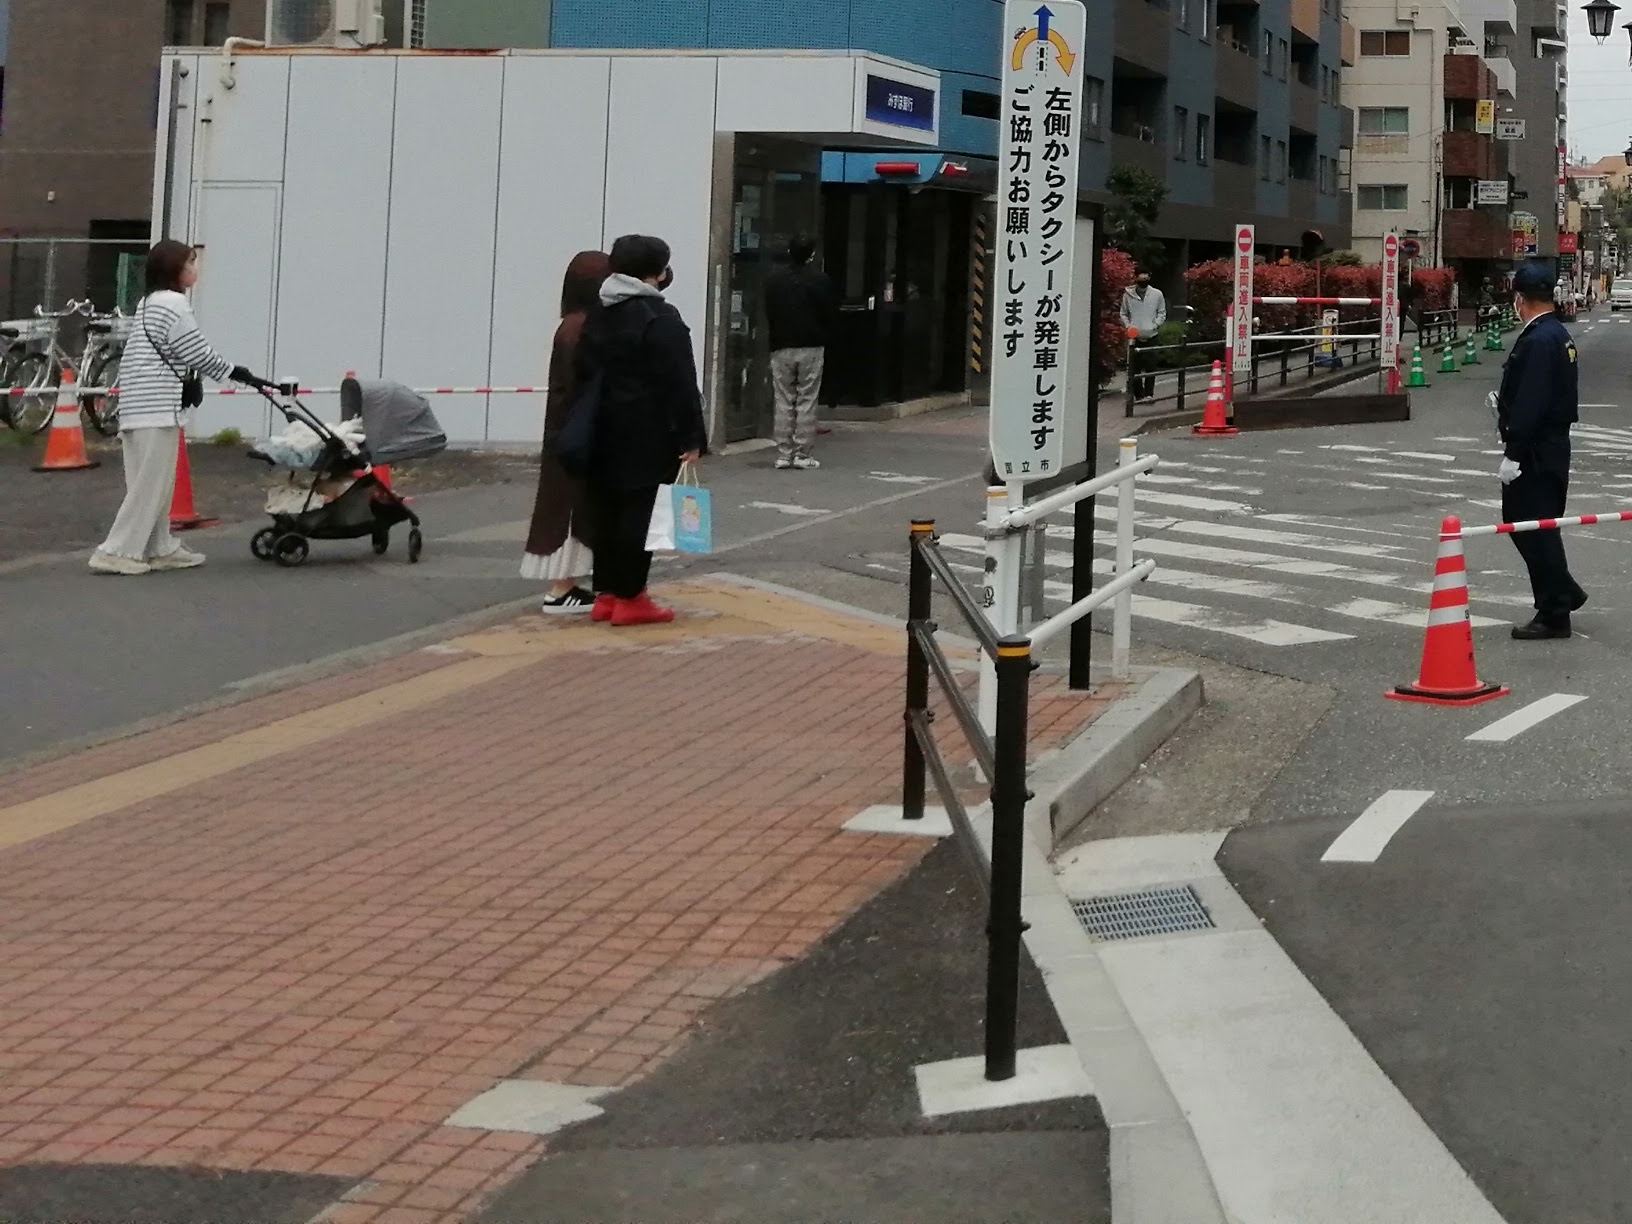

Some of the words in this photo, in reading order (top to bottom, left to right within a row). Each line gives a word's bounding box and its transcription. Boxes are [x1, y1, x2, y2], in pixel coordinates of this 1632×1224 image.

[1002, 86, 1034, 360] ご協力お願いします
[1029, 87, 1073, 452] 左側からタクシーが発車します
[1237, 255, 1250, 358] 車両進入禁止
[1384, 260, 1396, 354] 車両進入禁止
[1004, 457, 1050, 474] 国立市
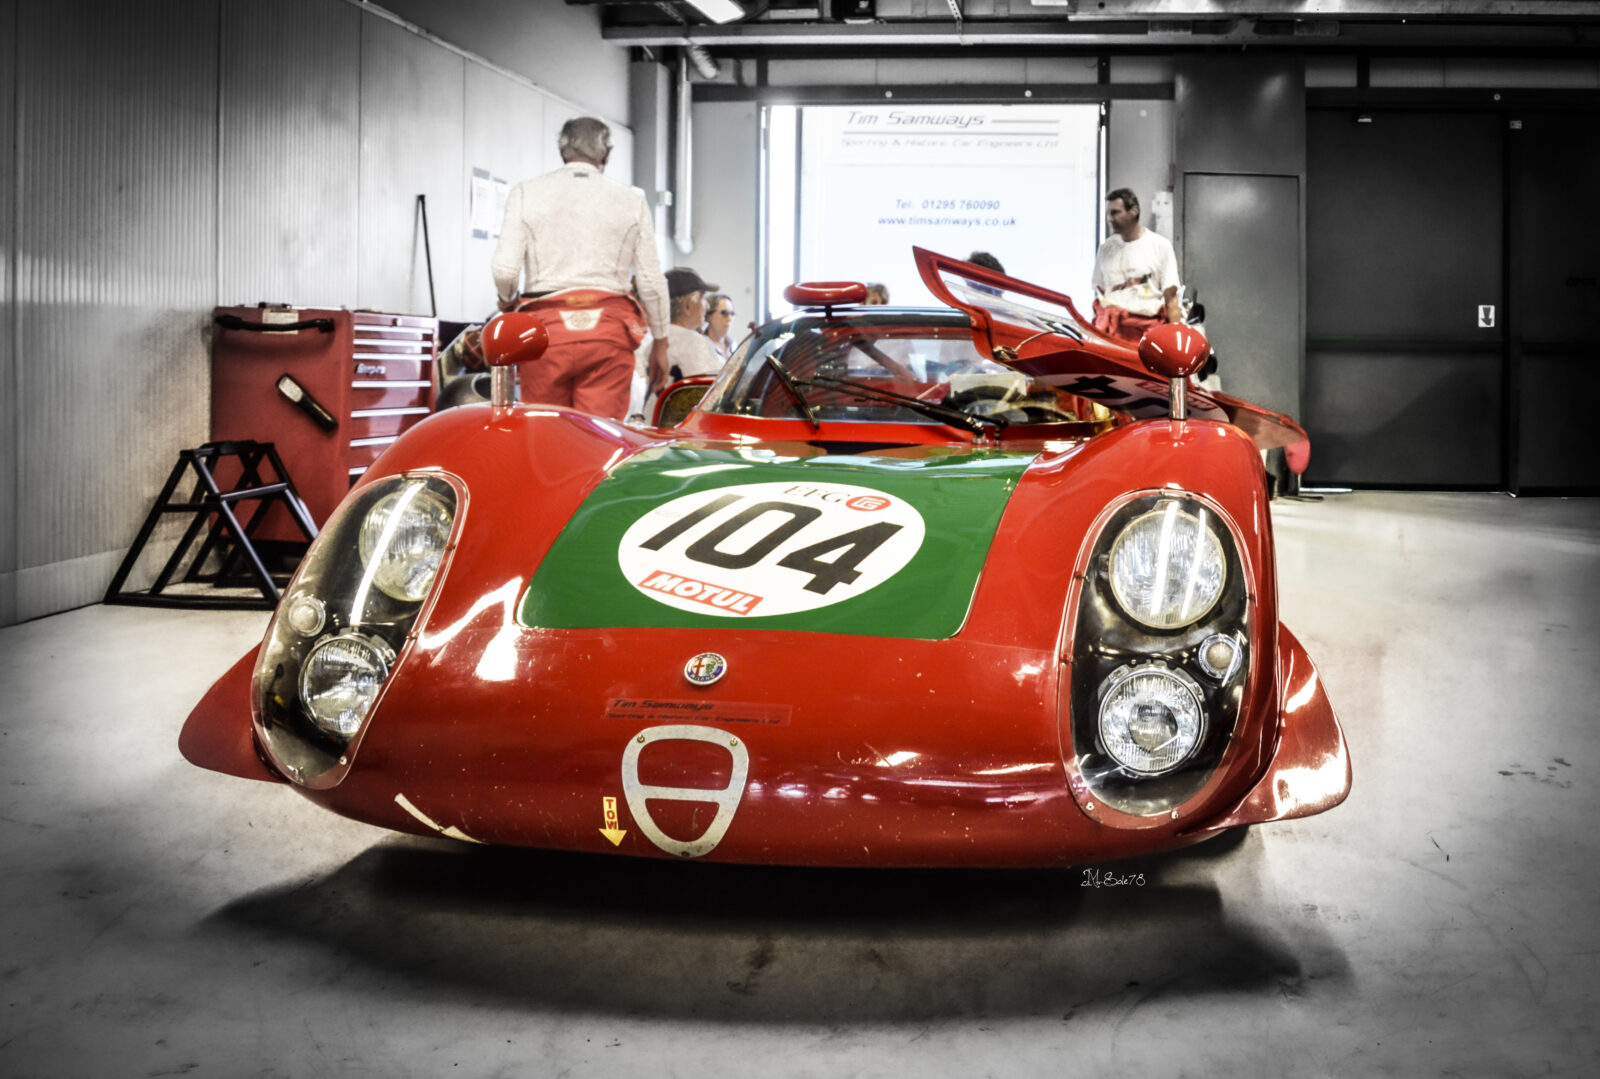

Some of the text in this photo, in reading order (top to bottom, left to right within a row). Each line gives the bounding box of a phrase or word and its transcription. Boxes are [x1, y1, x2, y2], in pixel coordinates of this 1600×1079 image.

[847, 111, 985, 128] Tim Samways
[952, 139, 971, 147] Car
[921, 200, 956, 210] 01295
[959, 200, 1001, 210] 760090
[877, 215, 1017, 227] www.timsamways.co.uk
[784, 485, 850, 503] EFG
[638, 493, 905, 596] 104
[642, 573, 757, 612] MOTUL
[605, 799, 617, 830] TOW
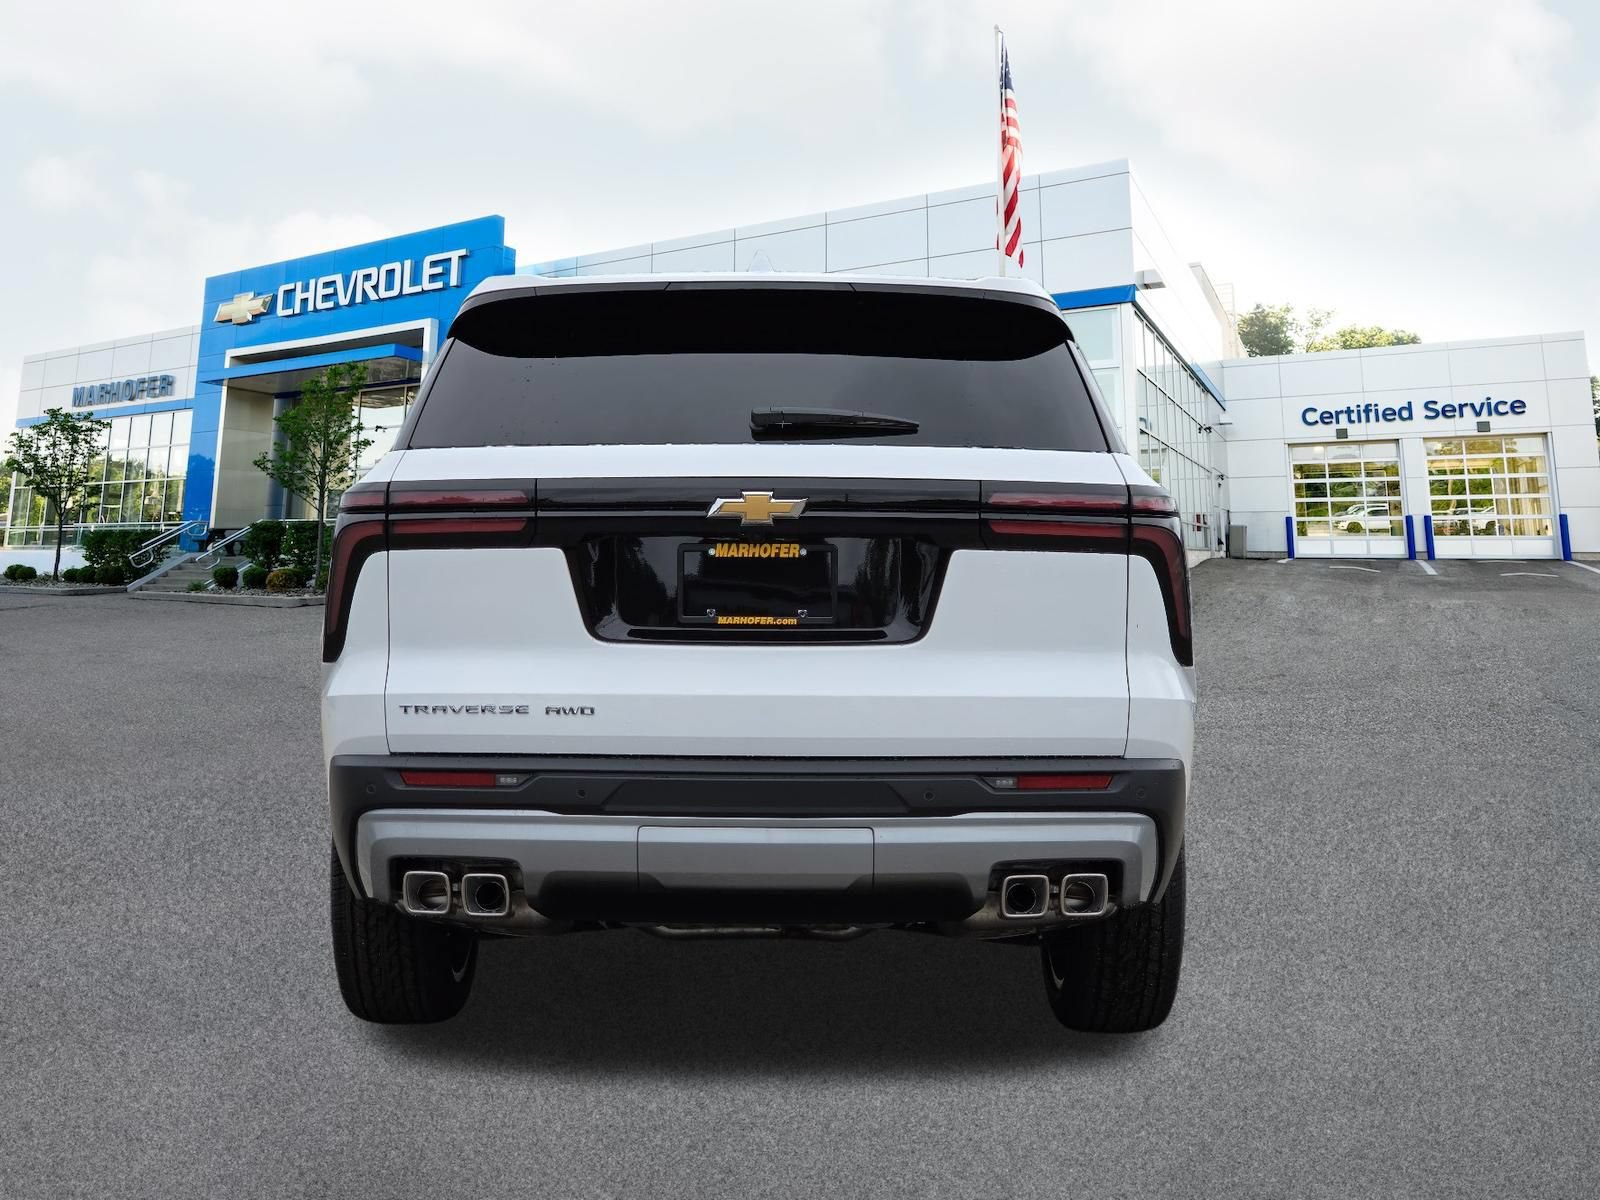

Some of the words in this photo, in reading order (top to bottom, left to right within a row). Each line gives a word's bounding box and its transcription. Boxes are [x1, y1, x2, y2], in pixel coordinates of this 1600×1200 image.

[276, 248, 469, 318] CHEVROLET
[72, 374, 175, 408] MARHOFER
[1301, 401, 1414, 426] Certified
[1424, 396, 1527, 420] Service
[715, 543, 800, 559] MARHOFER
[717, 615, 798, 626] MARHOFER.com
[399, 704, 530, 715] TRAVERSE
[545, 706, 596, 717] AWD
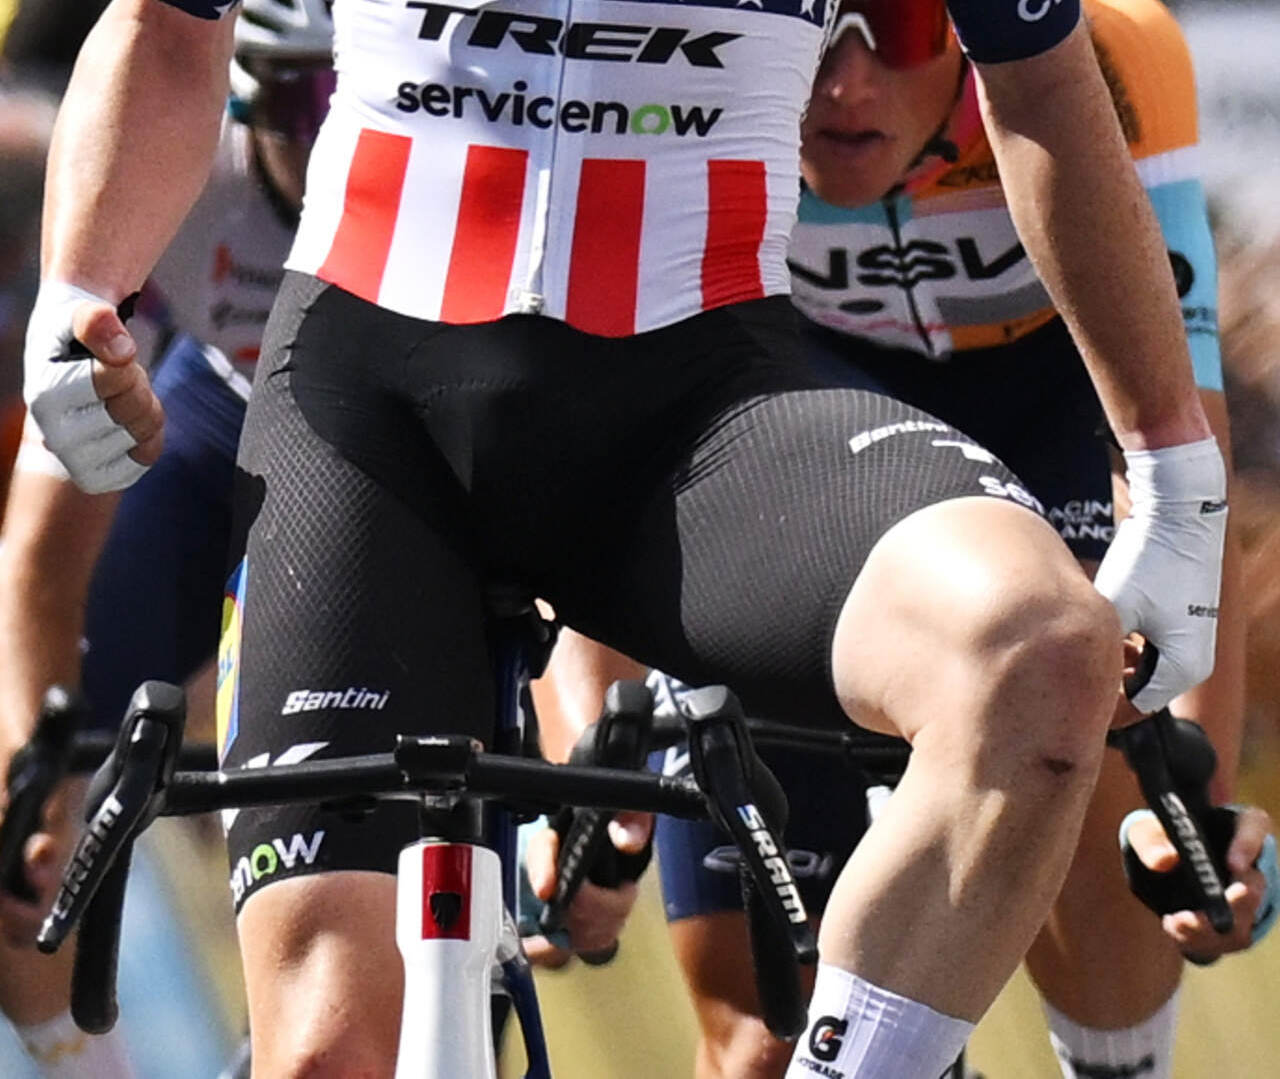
——————————
Pictures stay out; retype only the lines from the line containing "this 1600×1200 image." through the end of the listing, inclusive, exactly as they appear.

Some of the words in this photo, in reading order (top to bottom, left to right within a row). Each line gives a word's bounding box and its transcription. Boxes are [x1, y1, x2, y2], in pixel coordinates of this 1600×1200 image.

[276, 248, 469, 318] CHEVROLET
[72, 374, 175, 408] MARHOFER
[1301, 401, 1414, 426] Certified
[1424, 396, 1527, 420] Service
[715, 543, 800, 559] MARHOFER
[717, 615, 798, 626] MARHOFER.com
[399, 704, 530, 715] TRAVERSE
[545, 706, 596, 717] AWD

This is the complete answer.